[[ RAW DATA, beginning ]]

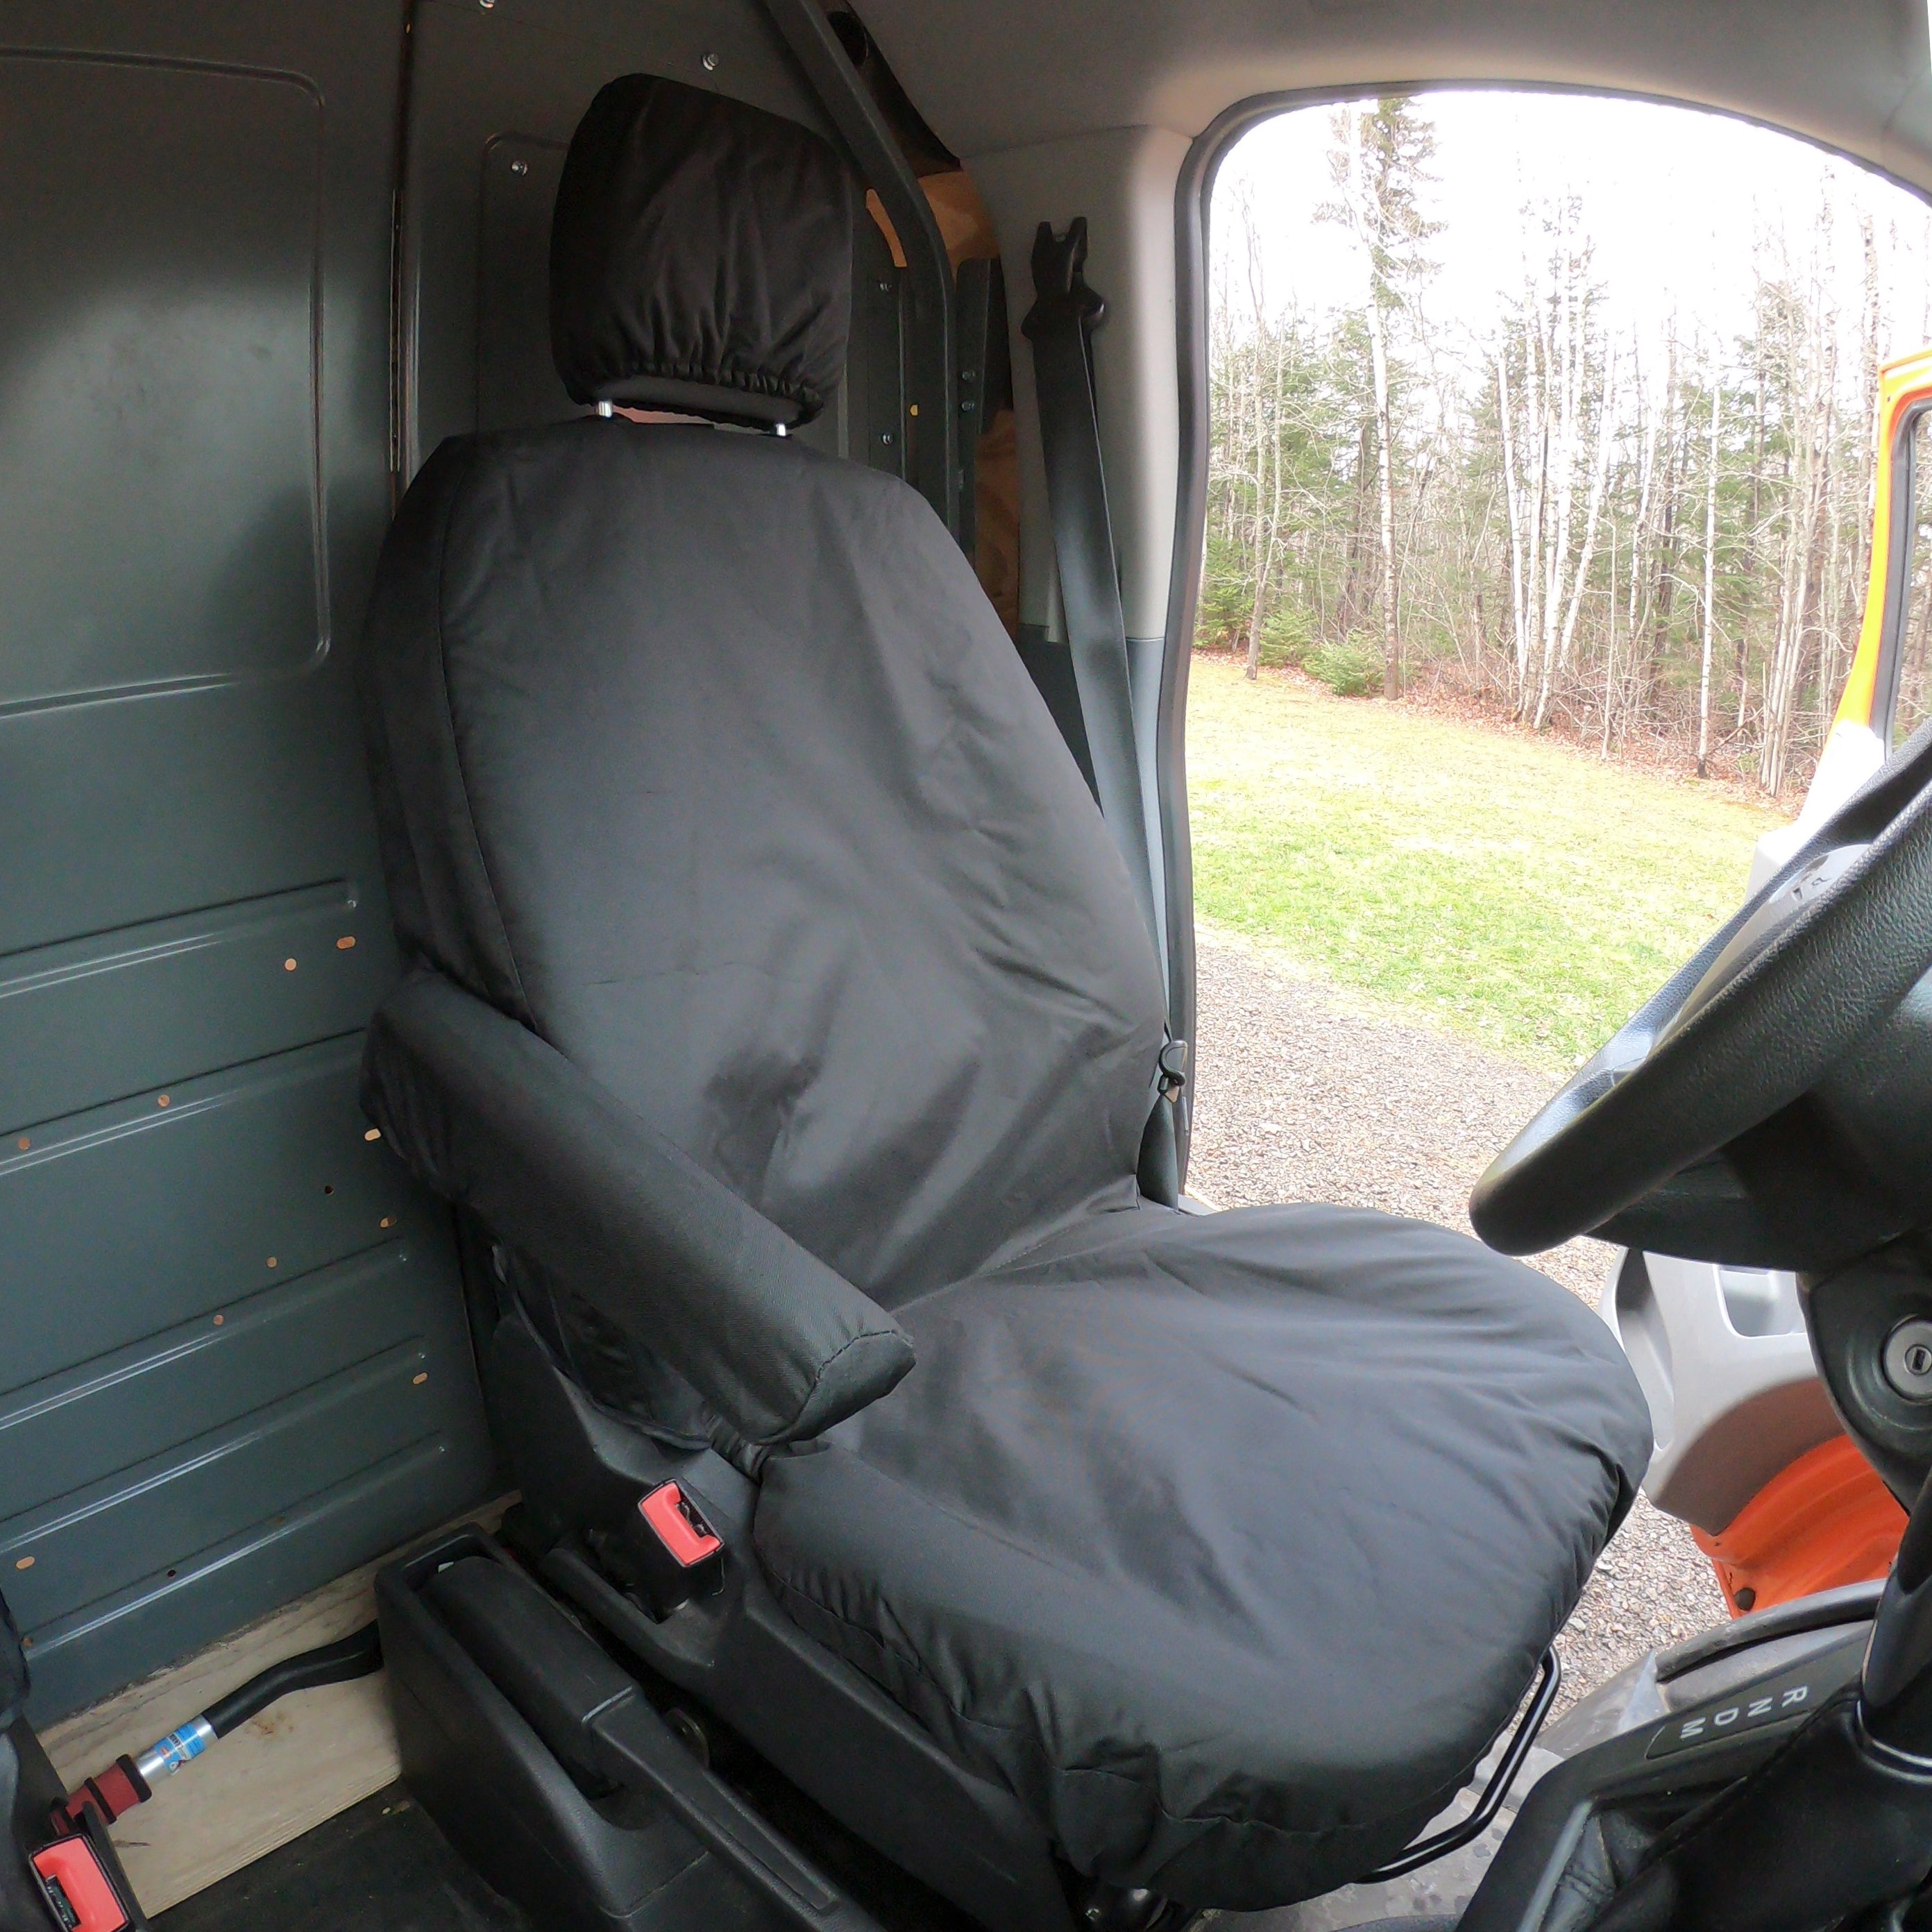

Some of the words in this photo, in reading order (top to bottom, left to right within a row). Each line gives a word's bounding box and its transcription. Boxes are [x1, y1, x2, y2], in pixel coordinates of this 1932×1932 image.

[1747, 1697, 1773, 1717] N
[1781, 1686, 1808, 1708] R
[1713, 1707, 1739, 1726] D
[1680, 1717, 1706, 1738] M

[[ RAW DATA, end ]]

**INSTRUCTIONS TO FOLLOW**
Write out the records once more, word for word, though without the pictures they contain.

**TASK RESULT**
Some of the words in this photo, in reading order (top to bottom, left to right within a row). Each line gives a word's bounding box and its transcription. Boxes are [x1, y1, x2, y2], in pixel coordinates of this 1932×1932 image.

[1747, 1697, 1773, 1717] N
[1781, 1686, 1808, 1708] R
[1713, 1707, 1739, 1726] D
[1680, 1717, 1706, 1738] M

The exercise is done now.